Does bra colour really matter?

Most female users of the social networking site Facebook will have received a message encouraging them to substitute their status with the colour of their bra in a supposed bid to increase awareness of breast cancer.

I received the message, and after contemplation foolishly complied. It did make me feel uncomfortable for a variety of reasons, but because it was marketed as something that would help increase awareness of breast cancer I began to feel guilty for not doing something that was, essentially, effortless. Like a lot of people, I have lost a close family member to cancer, and so I often buy products when I know a percentage of the proceeds will be donated to cancer charities. But on reflection, I’m not sure about the legitimacy or effectiveness of the Facebook campaign.

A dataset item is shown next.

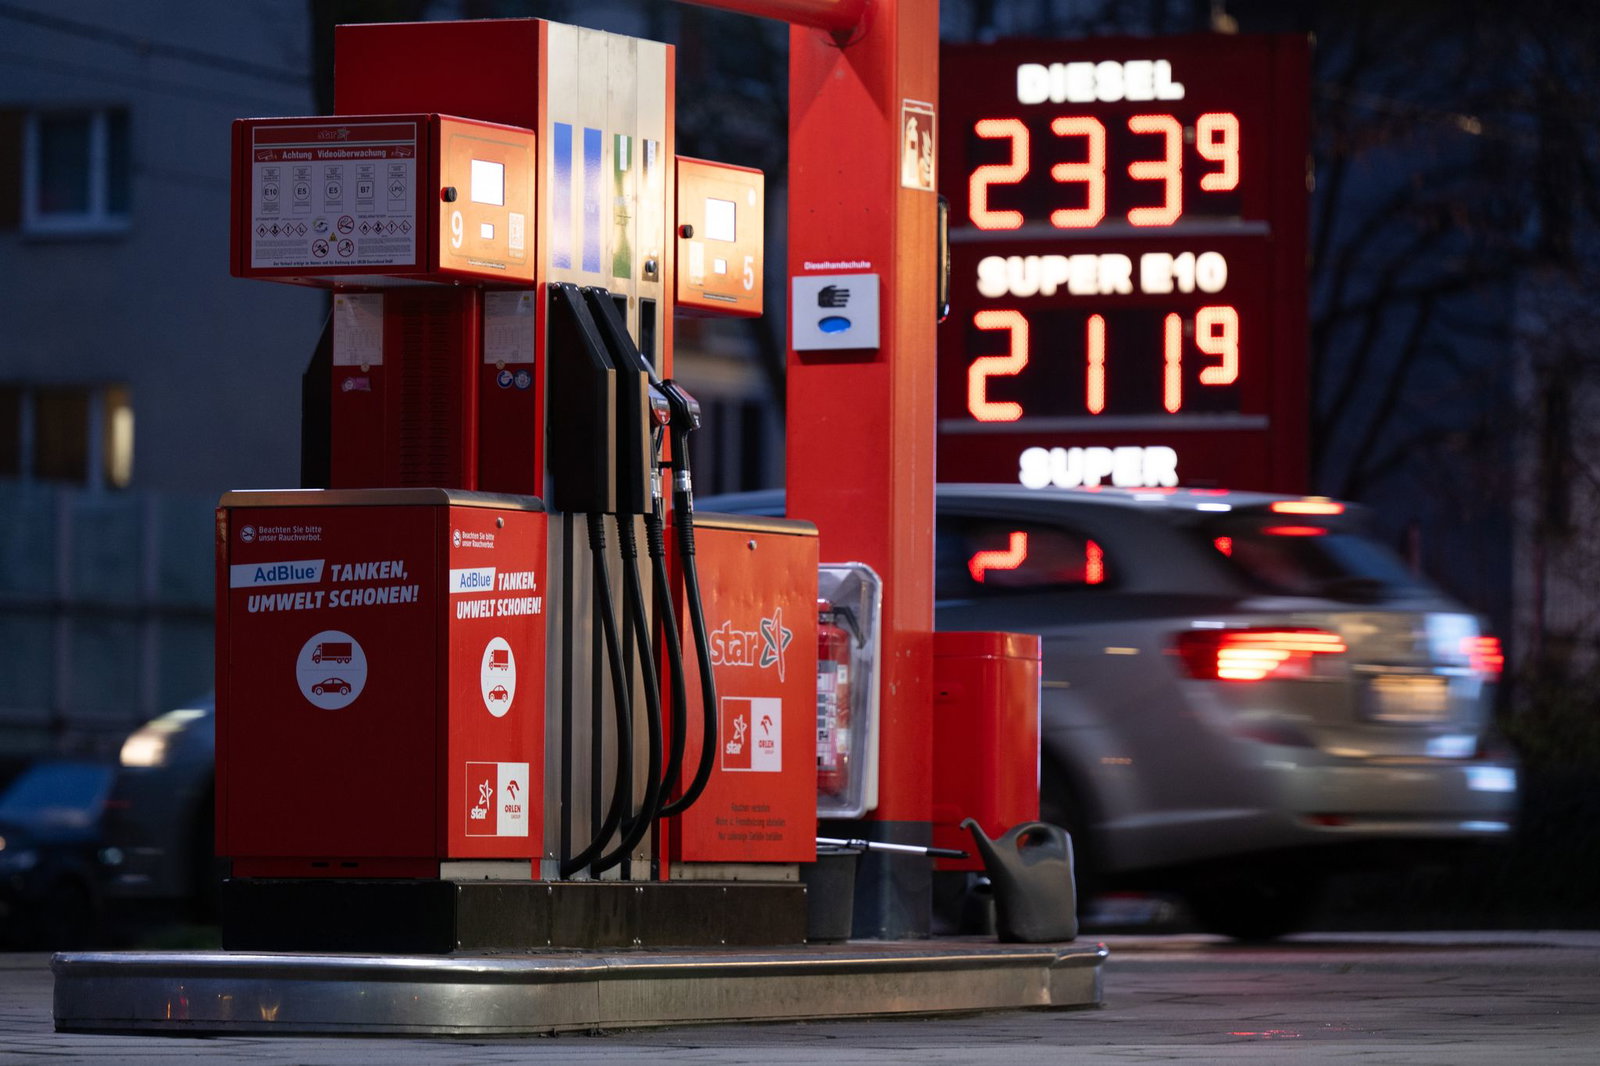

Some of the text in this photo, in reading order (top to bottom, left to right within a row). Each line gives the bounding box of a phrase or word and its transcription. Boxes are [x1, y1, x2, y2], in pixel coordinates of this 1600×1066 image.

There is an excellent post on Jezebel about this issue, which articulates some of the reasons why I initially felt uncomfortable. By posting women:

make some form of puzzle for men to figure out, so that they’d be out of the loop until a woman finally lets them know the girls had been posting the colors of their bras.

This promotes a certain degree of cyber flirtation which does undermine the severity of a very serious illness. Men are posting colours to encourage supposedly hilarious banter about the fact that they could potentially be wearing bras, and women are keen to disseminate that they are wearing colourful sexy support, rather than the faded whites and greys that characterise my underwear draw. As Jezebel says:

Does anyone on Facebook really not know about breast cancer to the point where someone posting “purple lace!” and eight dudes responding, “Ooh, hot, lol” is really doing anything to really help the cause in any possible way? If anything, the constant sexualization of and cutesy-poo approach to breast cancer pushes people to take it less seriously.

However, while it might be a reductive campaign, since essentially it assumes that men need to be educated by women about breast cancer, and that the only way we can get their attention is by flashing a bit of sexy bra, does the popularity of this phenomenon indicate the extent to which breast cancer is becoming more widey spoken about as an illness? It is definetely not the most refined of campaigns, but it is something that can be understood by the majority. Since it is possible women who have been touched by breast cancer, either through the effects on a person close to them or through personal experience, have been posting, could it promote a sense of solidarity? At the same time as feeling uneasy, I did feel a sense of closeness with some female friends who posted their bra colours, but maybe this emanated from the fact I knew a lot of their histories and therefore knew the reasoning behind their seeminly inane action.

In retrospect, I shouldn’t have posted. It does seem strange to have to expose what is underneath your clothing on a public forum in order to be seen as taking an issue seriously. I can appreciate the degree to which this campaign does trivialise breast cancer, especially since in many instances it has been used as an excuse for some commentators to make lewd remarks about the sexual desirability of women under the guise of ‘acknowledging an important issue.’ In this respect it tries to legitimise female obectification and,as Jezebel says, this has the opposite effect of making people take the illness less seriously. Is it likely that a similar campaign will be launched whereby men are encouraged to state the colour of their pants in order to increase awareness of prostate cancer? It’s unlikely. However, it is perfectly feasible that in a week or so a similar message will be spawned asking women to state the colour and type of their knickers, since only by sharing our penchant for wearing lacey pink thongs or the like will we be seen as doing our bit for the cause.

On the one hand, it is brilliant that there is recognition of the fact that breast and cervical cancer is a big killer of women. However, many men suffer from breast cancer, too, and since it is largely ‘marketed’ as a women’s disease most males don’t seek medical attention even if they are aware there is a problem. Increased awareness of prostate cancer, and other types of cancer that affect both sexes, should be enouraged. There are few campaigns, for example, aiming to increase awareness of bowel cancer, but maybe this is because it is considered more difficult to ‘sexualise.’

On the other hand, the overriding message from this latest Facebook trend seems to be that the sexualisation of women is encouraged in any context, and that even if we are suffering we are still supposed to be sexy. The vast majority of Facebook users will not have intended to cause harm by posting (I know,for example, I posted out of a genuine desire to increase awareness), and some will have, in the words of the initial message, seen this as a “fun” way of promoting discourse about breast cancer, but should the significance of this illness be reduced to nothing more than a “fun” conversation starter? Illnesses should be demystified to encourage understanding, but does this take things too far? The majority of women I know who have had breast cancer had to have mastectomies. Therefore promoting discourse on sexy bras as a means to discuss the issue is insensitive since the implication is that breasts are the most desirable part of the female body (which is largely promoted by the media and popular culture generally), and should not form part of a breast cancer awareness campaign. But what do you think?